This is a comment submitted by Mike S. to one of our articles entitled What Happens When You Quit Smoking for Good and we published it as a regular post instead.
I’m a 32 year old male that has smoked for about 13 years. Most of that time was a pack every few days but the past few years was a pack every 1.5 days.
I agree with Mark’s post above (4-19-11) [please visit the article to read the comment mentioned] with it being as easy as it is (overall). I’m actually surprised how easy it has been. I quit exactly 1 week ago today cold turkey. The hardest part is the first few days. The cravings are very strong…. but you can get through them! Every ex-smoker had to deal with those cravings at one time or another and they’re still around. They lived and made it through it. So can I! Everybody can!
When I did smoke, I couldn’t imagine having a meal without a cigarette after I was done eating. I couldn’t imagine driving to work or home from work or having a drink without smoking. I couldn’t imagine working in my garage without smoking. I couldn’t imagine doing a lot of things without a smoke! But I will tell you, it’s easy if you REALLY WANT TO QUIT!!!! The decision has to be made and you have to be serious about it!!!! No B.S. quitting like a “New Year’s Resolution” (because 99% of people probably don’t stick to their resolutions…. I know I never did). It has to be serious. It really has to mean something to you! I think that’s the key. If the decision is made, you’ll make it!

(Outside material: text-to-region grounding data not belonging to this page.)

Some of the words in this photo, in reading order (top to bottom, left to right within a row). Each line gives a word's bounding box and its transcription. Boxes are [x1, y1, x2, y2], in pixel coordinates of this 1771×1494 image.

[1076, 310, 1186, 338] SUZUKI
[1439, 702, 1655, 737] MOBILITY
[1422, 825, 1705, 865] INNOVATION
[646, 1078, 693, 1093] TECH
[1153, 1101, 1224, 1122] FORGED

I personally made a list of reasons I wanted to quit so every time a “serious craving” showed itself, I would read my list. It actually helped a little bit too! It had serious things on the list like my mom having a stroke due to smoking, my grandparents being on oxygen during their retirement years, to me wanting to have kids and wanting to be around to see my grandchildren. It also had other things like I don’t like standing in the cold just to have a smoke (same goes with the heat). I hate standing in the rain just to have a smoke. I hate wasting my money and driving in the middle of the night because I’m down to my last smoke. Try writing a list if you’re trying to quit. It can help!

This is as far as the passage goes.